The first example is to use the tool to make a price forecast. Assume it is early May. You have just branded 250 head of steer calves that you intend to sell in mid-October to an order buyer, and you think the steers should weigh 550 pounds at that time. Figure 1 displays a screenshot from the Retained Ownership Decision Tool; you enter that information into the blue cells. The gray cells are calculated automatically by the tool using the latest two-week average of feeder cattle futures prices and historical basis data. The result is a price forecast for October of $288.55/cwt. If you only want the price forecast, you could ignore the rest of the tool.

The Retained Ownership Decision Tool is fully interactive and responsive. Changing one blue box value will automatically change all light gray values impacted by that change.

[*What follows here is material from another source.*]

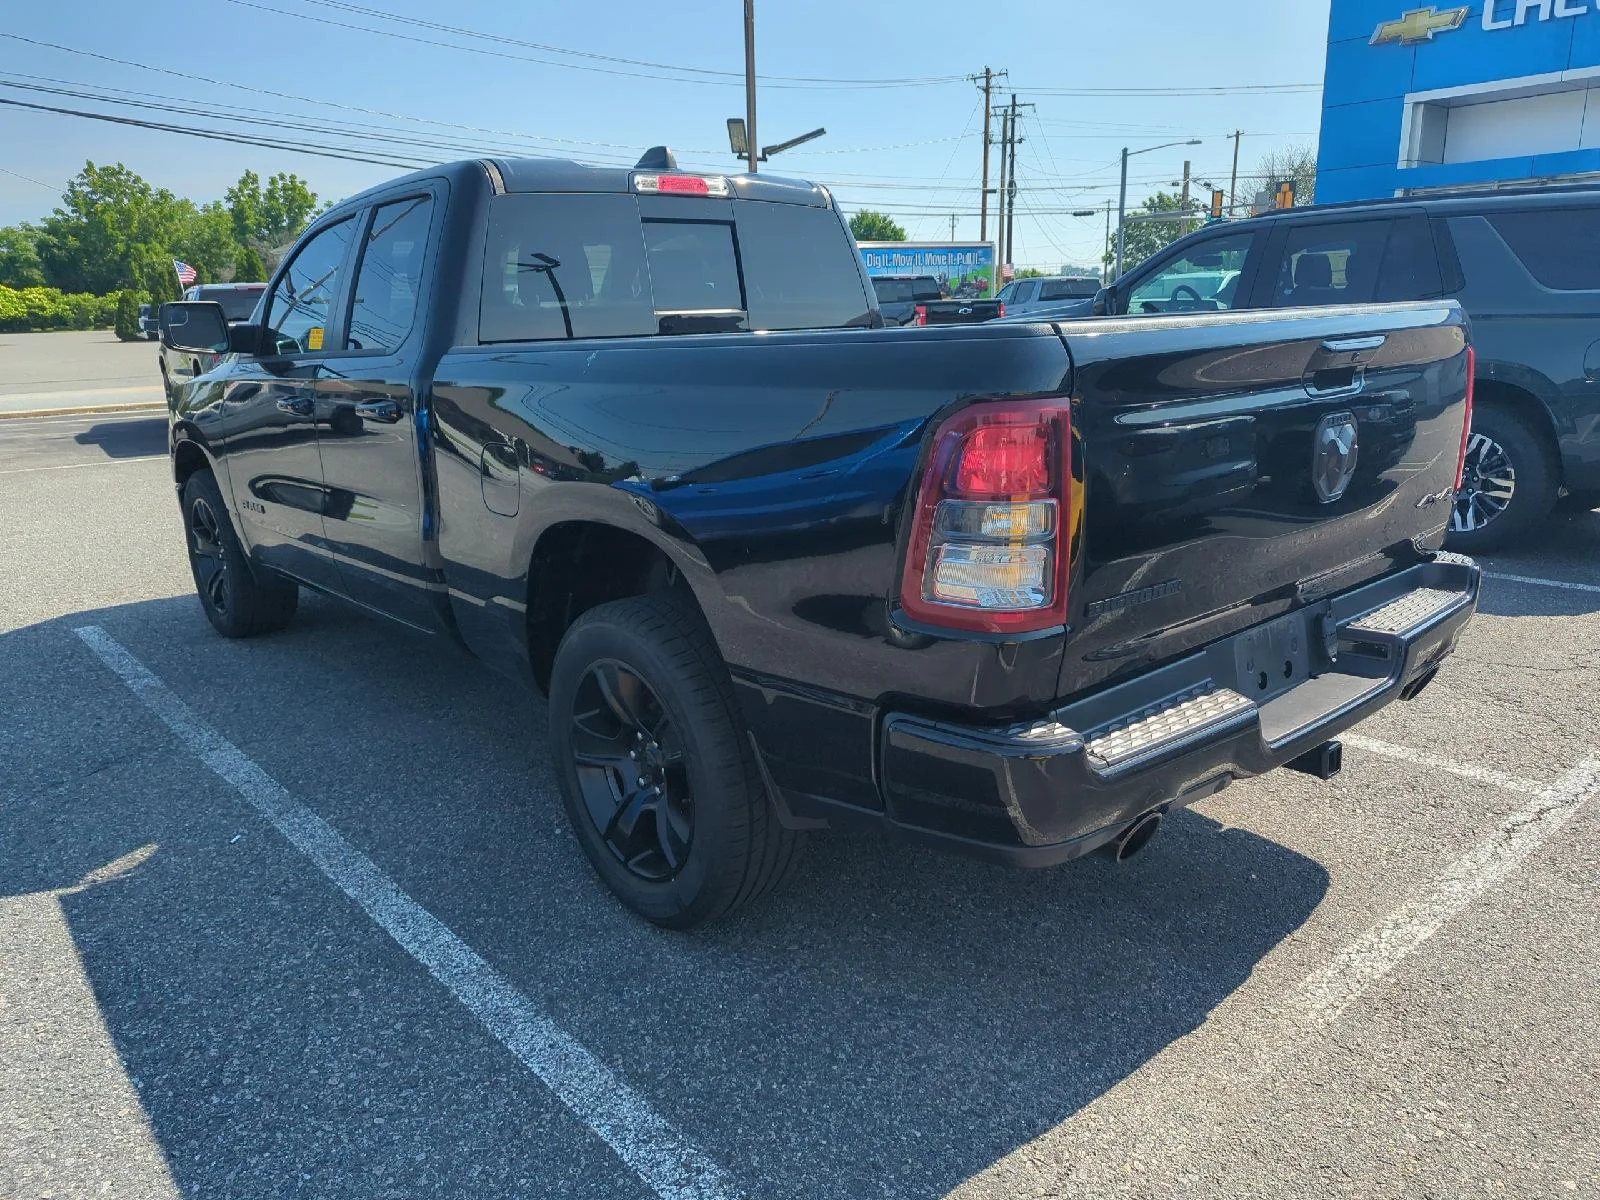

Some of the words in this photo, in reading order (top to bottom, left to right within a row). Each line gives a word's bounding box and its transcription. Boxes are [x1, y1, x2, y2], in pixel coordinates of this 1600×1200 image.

[866, 253, 881, 269] Dig
[893, 253, 914, 267] Mow
[925, 252, 947, 266] Move
[957, 252, 972, 265] Pull

For example, changing the weight, the number of head, or the sale location would all change the forecasted price.

Figure 1. Example Screenshot of the Retained Ownership Decision Tool (First Section): Fall Calf Price Forecast

beginning market information


Example 2: Sell After a Summer Grass Stocker Program

Alt text here

The second example will be a summer grass stocker program. You live in central Utah, and you purchased 60 steers weighing 650 pounds from the Fallon, Nevada, livestock auction on April 30. You enter that information into the blue cells of the Retained Ownership Decision Tool, which gives you a projected price of $262.52/cwt (Figure 2). However, you paid $255.00/cwt at the auction and had an additional $4.00/cwt for shipping the steers to your pasture. So, you enter $259.00 into the blue cell.





Figure 2.
Example Screenshot of the Retained Ownership Decision Tool (First Sections): Summer Grass

beginning market information


You expect $6.50 per head in freight cost to your local market at the end of the 135-day grazing program. The steers are expected to gain 1.5 pounds daily and weigh 843 pounds at the market. The tool’s forecasted midSeptember prices for these steers is $249.44 per cwt (see Figure 3). You assume a $25 per head per month grazing cost for a total grazing cost of $112.50 for the summer. Additional veterinary and medical, death loss, and interest costs result in a total summer cost of $200 per head for the steers (see Figure 3). The tool then calculates the expected net return for the summer grazing program to be $213 per head. Since the tool forecasts the price of the steers 135 days into the future, there is obviously a risk that prices will be higher or lower than forecasted. This would then alter the expected return. The tool uses historical price data to make assumptions about the probability that prices will be a certain amount higher or lower, which is displayed in the graph at the bottom of Figure 3. Specifically, the variability (standard deviation) for the relevant price series is calculated and then a normal distribution is fit around the expected mean. With this example, 90% of the time, the net return is expected to be between $12 and $414 per head.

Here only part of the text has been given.